Performance Food Group Co. and Core-Mark Holding Co. Inc. announced that they have entered into a definitive agreement for Richmond, Va.-based PFG to acquire Westlake, Texas-based Core-Mark in a stock and cash transaction.
Under the terms of the transaction, which has been unanimously approved by the boards of directors of each company, Core-Mark shareholders will receive $23.875 per share in cash and 0.44 PFG shares for each Core-Mark share. The transaction values Core-Mark at approximately $2.5 billion, including Core-Mark’s net debt.
The transaction will create a best-in-class convenience business within PFG’s Vistar segment that will include the Core-Mark and Eby-Brown businesses. The expanded convenience business will operate under the Core-Mark brand and will be headquartered in Westlake, Texas, with Eby-Brown maintaining ongoing operations in Naperville, Ill. Scott McPherson will continue in his role as president and CEO of Core-Mark, following closing of the transaction. Tom Wake will continue as president and CEO of Eby-Brown, reporting to McPherson.
“We are excited to announce the strategic acquisition of Core-Mark and welcome the organization to Performance Food Group,” said PFG Chairman, President & CEO George Holm. “Core-Mark is an outstanding company that we believe will significantly strengthen our business diversification and expansion into the convenience store channel.”
Holm said that the two organizations have similar cultures and expects a smooth integration and transition process.
Core-Mark is one of the largest wholesale distributors to the convenience retail industry in North America with approximately $17 billion in net sales. The company has approximately 7,500 employees and operates 32 distribution centers across the United States and Canada. Core-Mark services approximately 40,000 customer locations in all 50 states in the U.S., five Canadian provinces and two Canadian territories.
McPherson said that the transaction brings together two companies known for their customer-focused approach and dedication to their employees.
“The combination of our two highly complementary businesses creates an even stronger platform to drive growth, as we deliver a best-in-class offering to our customers,” said McPherson. “I’d like to thank the entire Core-Mark team for their hard work and focus in helping us reach this exciting milestone.”
Strategic and Financial Benefits
- Accelerates PFG’s diversification and adds highly complementary assets in the convenience store channel: With the closing of this transaction, PFG will add approximately $17 billion of net sales, resulting in total PFG pro-forma LTM net sales of approximately $44 billion.

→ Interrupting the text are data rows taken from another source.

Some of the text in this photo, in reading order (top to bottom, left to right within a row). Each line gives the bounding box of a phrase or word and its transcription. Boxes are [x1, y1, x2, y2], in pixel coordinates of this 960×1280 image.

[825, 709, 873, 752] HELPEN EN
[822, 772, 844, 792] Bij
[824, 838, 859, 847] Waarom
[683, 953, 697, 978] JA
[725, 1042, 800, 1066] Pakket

- Adds complementary customer-centric operating model: Core-Mark brings a consistent go-to-market approach with a selling culture focused on customer success.

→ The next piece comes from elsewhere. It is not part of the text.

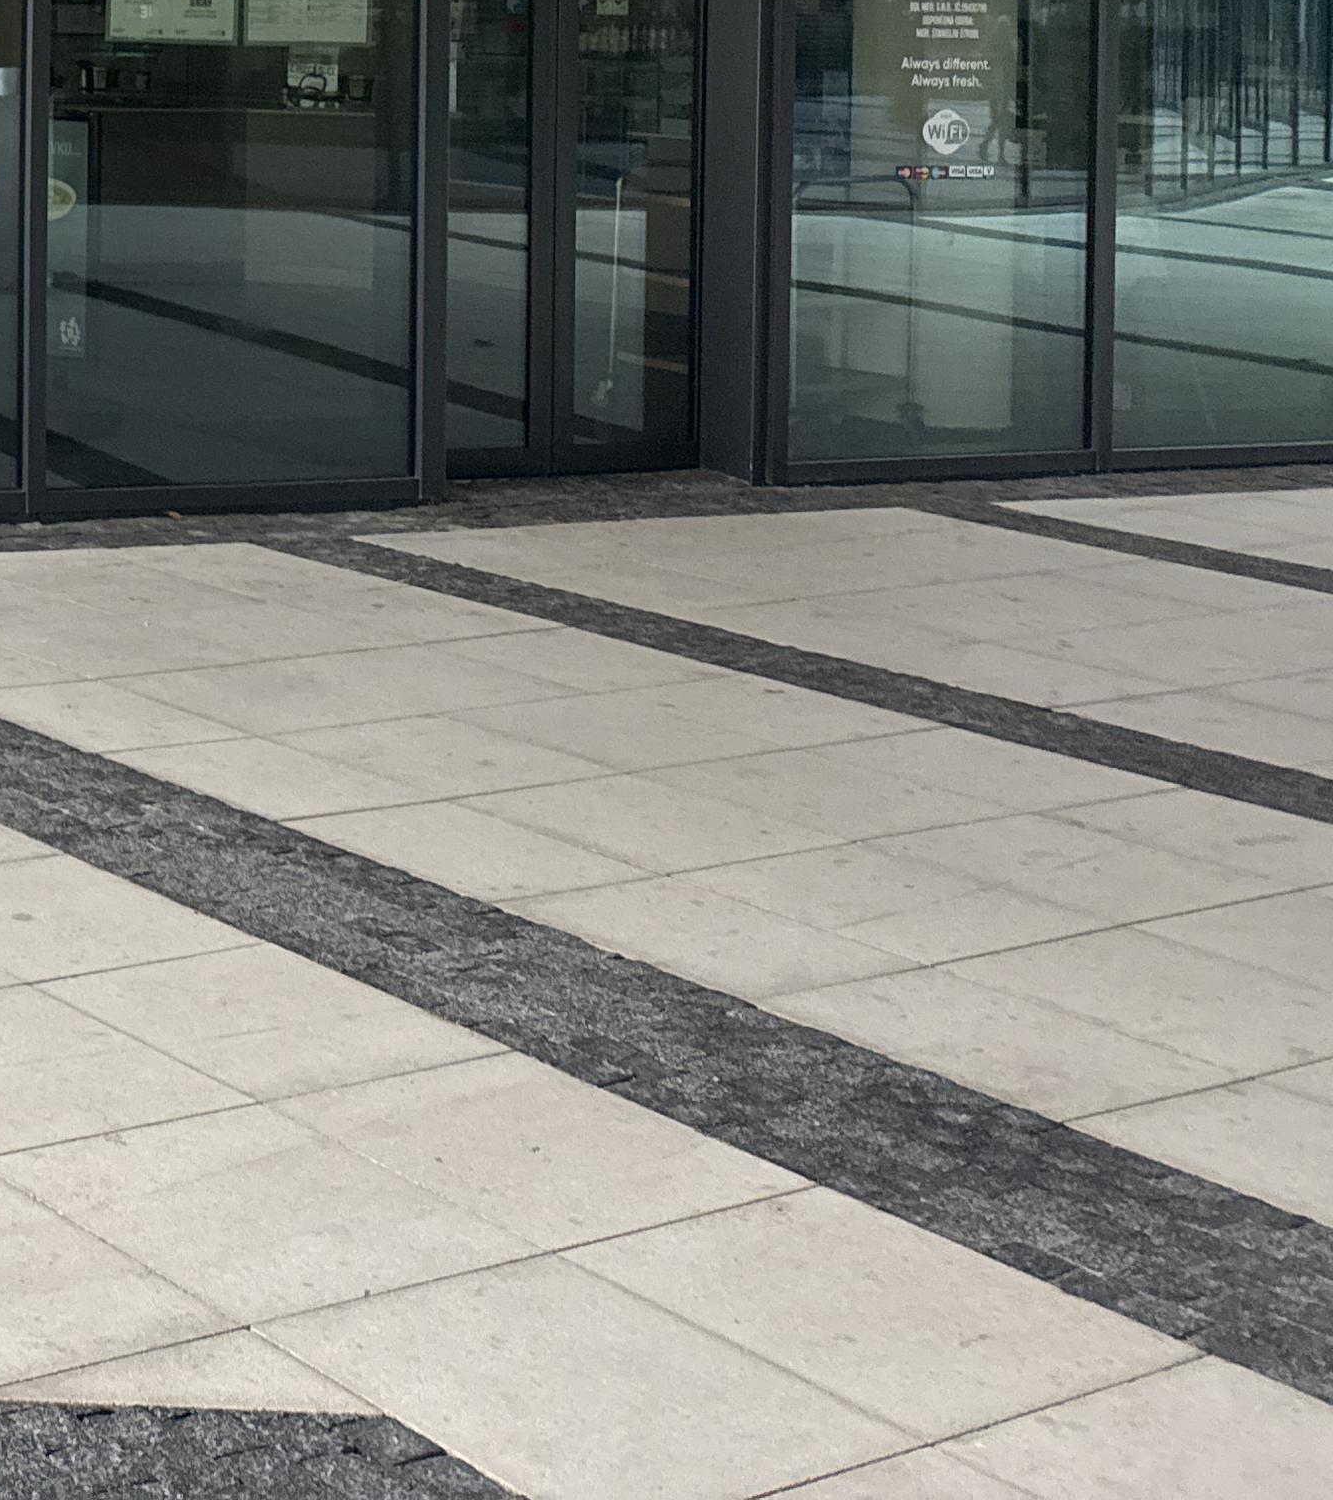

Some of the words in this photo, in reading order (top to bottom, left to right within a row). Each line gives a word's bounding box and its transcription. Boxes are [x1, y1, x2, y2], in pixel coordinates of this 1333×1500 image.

[901, 56, 941, 72] Always
[942, 56, 991, 71] different.
[911, 73, 950, 90] Always
[952, 74, 982, 88] fresh.

- Enhances attractive customer base and product offerings: The transaction builds upon PFG’s current foodservice focus within the convenience channel adding additional customers and product offerings, particularly in the fresh food space.
- Strong strategic and financial merits: The transaction is expected to be accretive to Adjusted Diluted EPS in the first full fiscal year following the close. The accretion calculation does not include any of the expected cost synergies.
- Annual run-rate net cost synergies of approximately $40 million expected to be achieved by the third full year after closing.
The transaction is expected to close in the first half of calendar 2022, subject to U.S. federal antitrust clearance, Core-Mark shareholder approval, and other customary closing conditions. The transaction is not subject to PFG shareholder approval.
Upon closing of the transaction, Core-Mark shareholders will own approximately 13% of the combined company. Core-Mark expects to continue paying its current quarterly dividend through the completion of the transaction.
BMO Capital Markets Corp. acted as the exclusive financial adviser to PFG, and J.P. Morgan Securities LLC provided a fairness opinion to the board of directors of PFG. Skadden, Arps, Slate, Meagher & Flom LLP acted as legal counsel to PFG. Barclays acted as the exclusive financial adviser to Core-Mark. Weil, Gotshal & Manges LLP acted as legal counsel to Core-Mark.